ASSIGNMENT >> Please give back each line below unchanged; none of the pictures should appear.
INPUT DATA Block Start
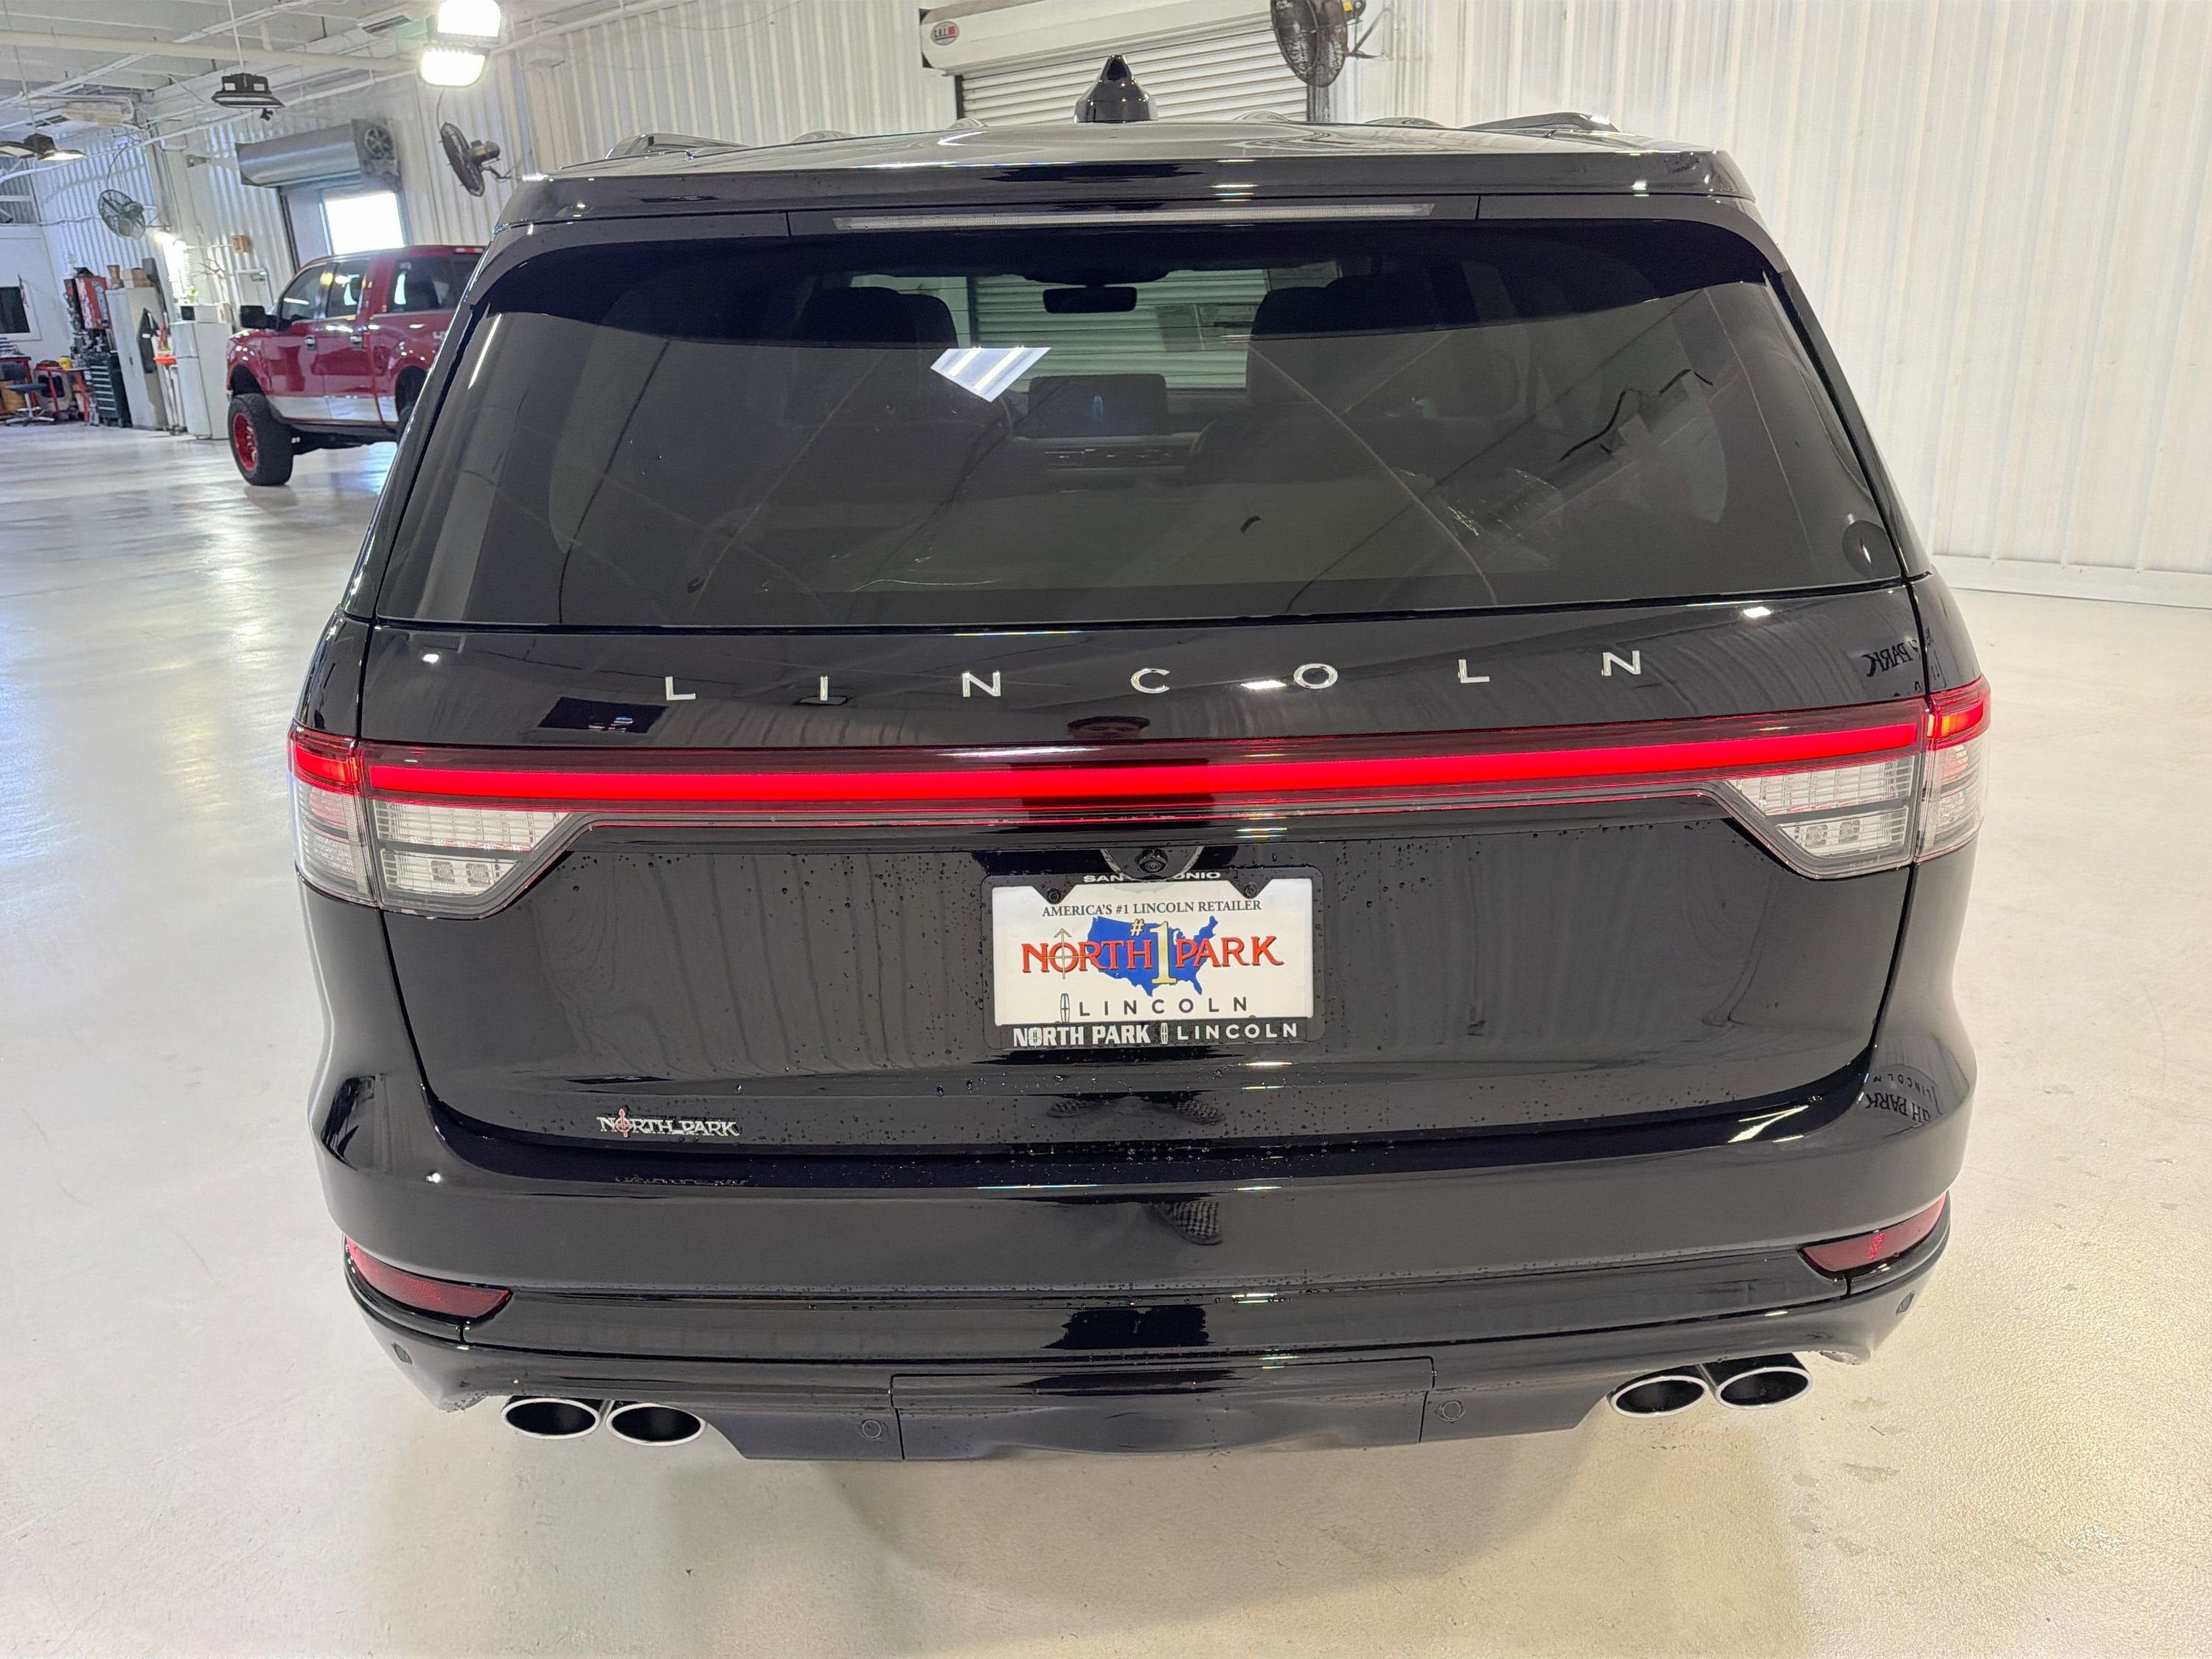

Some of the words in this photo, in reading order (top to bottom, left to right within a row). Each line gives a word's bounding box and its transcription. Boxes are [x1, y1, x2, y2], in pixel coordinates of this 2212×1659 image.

[665, 650, 1641, 700] LINCOLN
[1042, 905, 1113, 917] AMERICA’S
[1116, 903, 1130, 915] #1
[1133, 901, 1195, 914] LINCOLN
[1197, 900, 1262, 912] RETAILER
[1021, 939, 1152, 973] NORTH
[1175, 936, 1285, 968] PARK
[1079, 996, 1248, 1017] LINCOLN
[1013, 1026, 1088, 1047] NORTH
[1092, 1025, 1151, 1045] PARK
[1177, 1023, 1298, 1040] LINCOLN
[597, 1116, 673, 1135] NORTH
[678, 1119, 741, 1136] PARK
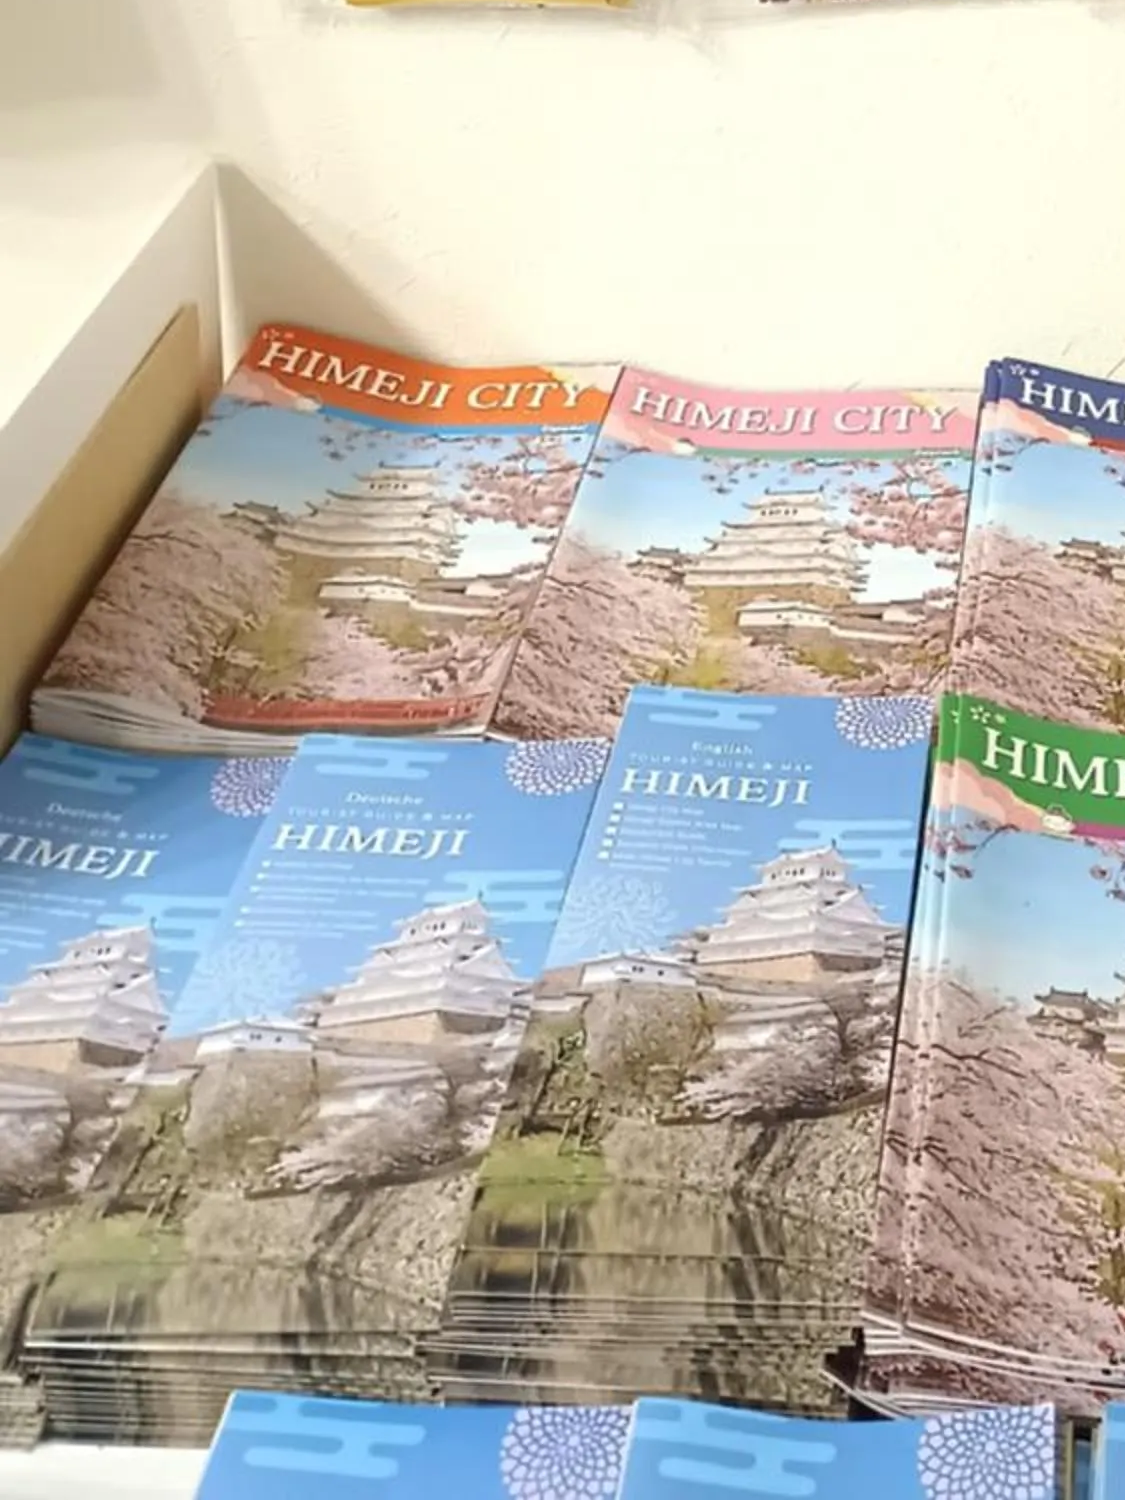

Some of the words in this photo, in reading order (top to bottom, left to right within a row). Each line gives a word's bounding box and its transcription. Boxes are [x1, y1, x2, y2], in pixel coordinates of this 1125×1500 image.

[258, 340, 455, 409] HIMEJI
[467, 381, 595, 410] CITY
[630, 385, 825, 434] HIMEJI
[833, 405, 959, 434] CITY
[691, 740, 754, 758] English
[620, 766, 814, 809] HIMEJI
[0, 832, 161, 881] IMEJI
[270, 822, 472, 861] HIMEJI
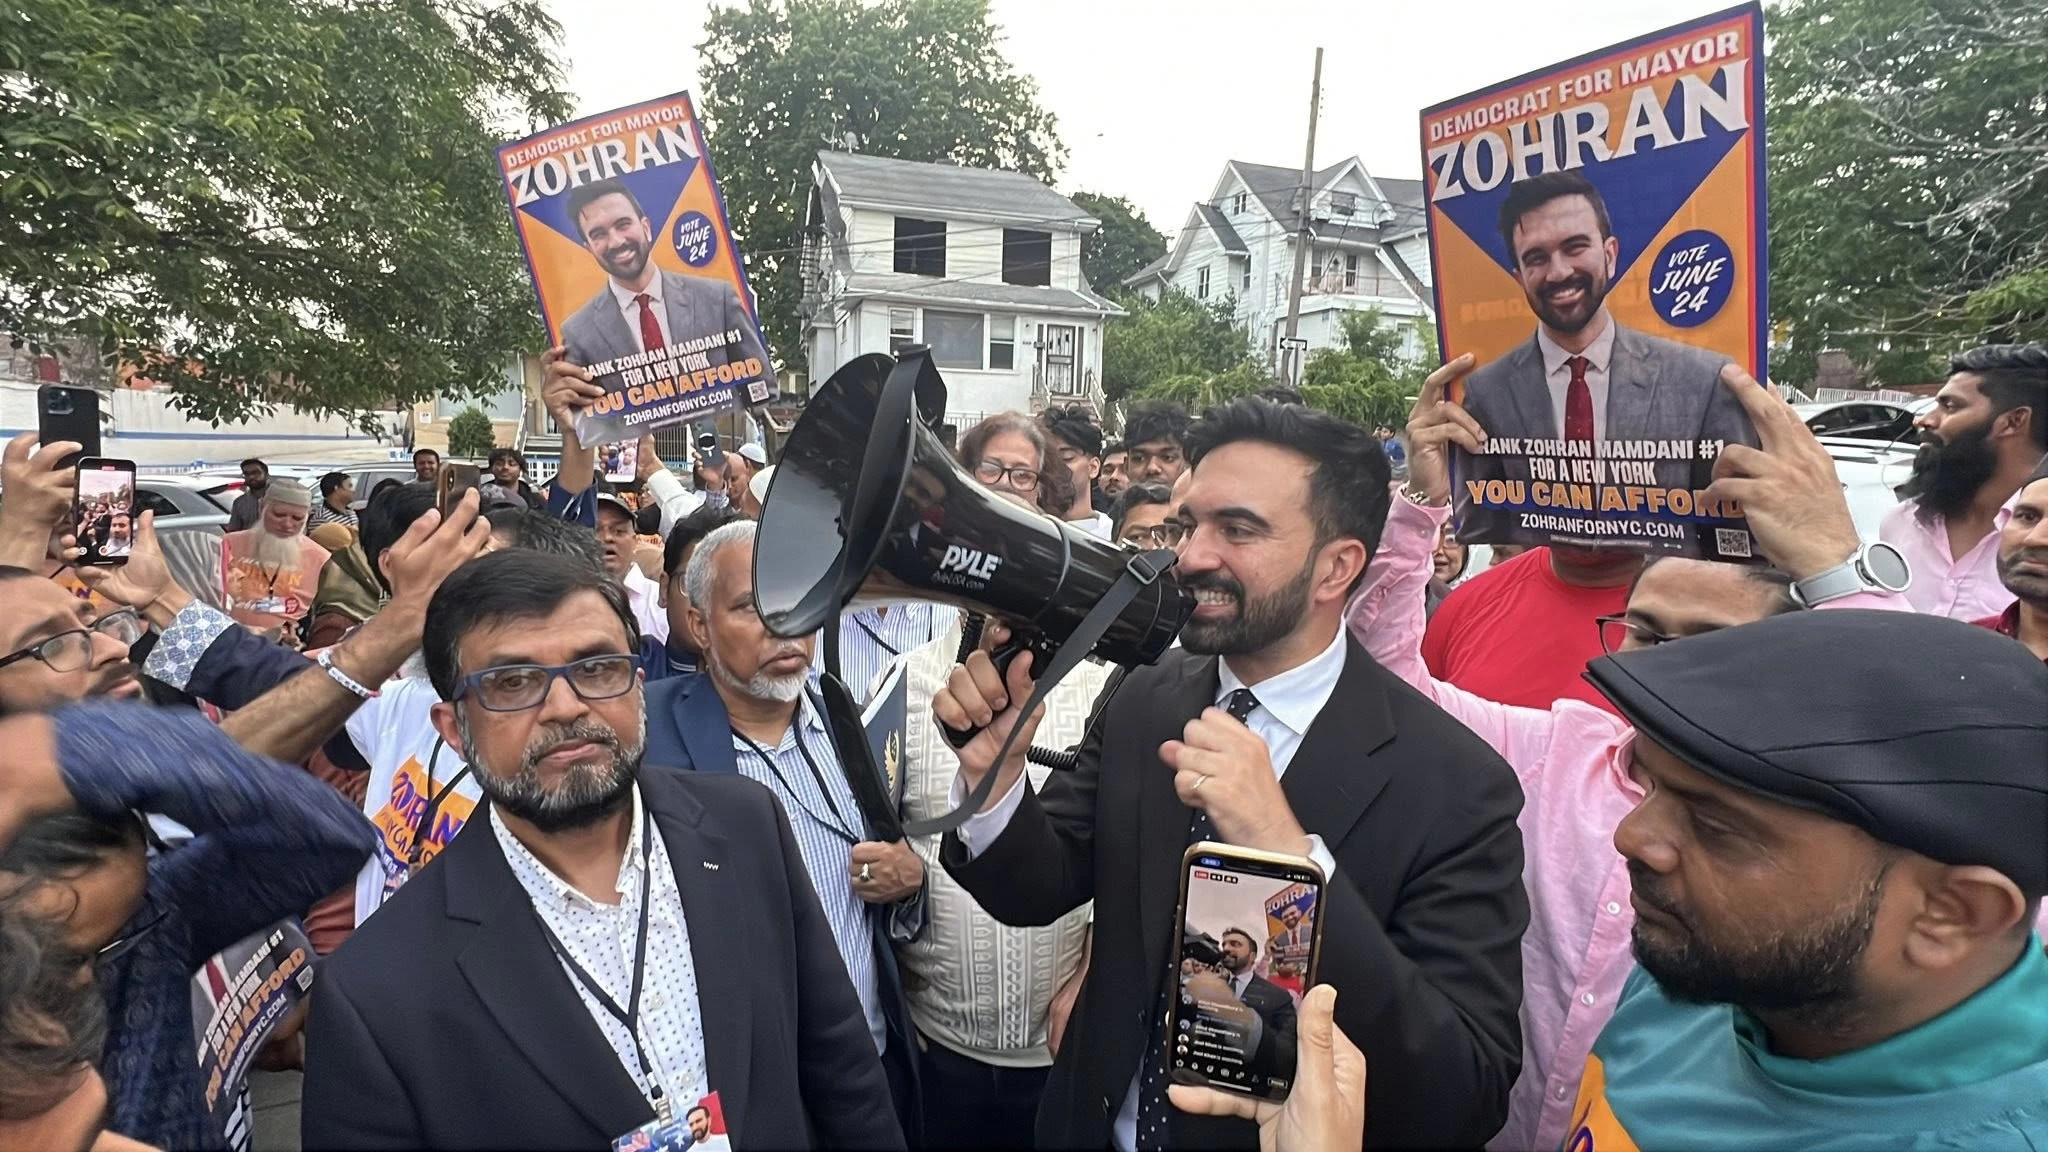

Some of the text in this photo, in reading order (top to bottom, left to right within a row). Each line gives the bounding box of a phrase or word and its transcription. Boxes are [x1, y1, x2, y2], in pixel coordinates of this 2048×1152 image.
INPUT DATA Block End
RESPONSE TO THIS TASK >>
Some of the words in this photo, in reading order (top to bottom, left to right within a row). Each line gives a word's bounding box and its transcription. Boxes are [x1, y1, x2, y2], in pixel coordinates of this 2212×1659 image.

[665, 650, 1641, 700] LINCOLN
[1042, 905, 1113, 917] AMERICA’S
[1116, 903, 1130, 915] #1
[1133, 901, 1195, 914] LINCOLN
[1197, 900, 1262, 912] RETAILER
[1021, 939, 1152, 973] NORTH
[1175, 936, 1285, 968] PARK
[1079, 996, 1248, 1017] LINCOLN
[1013, 1026, 1088, 1047] NORTH
[1092, 1025, 1151, 1045] PARK
[1177, 1023, 1298, 1040] LINCOLN
[597, 1116, 673, 1135] NORTH
[678, 1119, 741, 1136] PARK

Some of the words in this photo, in reading order (top to bottom, left to right within a row). Each line gives a word's bounding box and its transcription. Boxes are [x1, y1, x2, y2], in pixel coordinates of this 1125×1500 image.

[258, 340, 455, 409] HIMEJI
[467, 381, 595, 410] CITY
[630, 385, 825, 434] HIMEJI
[833, 405, 959, 434] CITY
[691, 740, 754, 758] English
[620, 766, 814, 809] HIMEJI
[0, 832, 161, 881] IMEJI
[270, 822, 472, 861] HIMEJI

Some of the text in this photo, in reading order (top to bottom, left to right within a row). Each line gives the bounding box of a phrase or word and its transcription. Boxes are [x1, y1, x2, y2], in pixel coordinates of this 2048×1152 image.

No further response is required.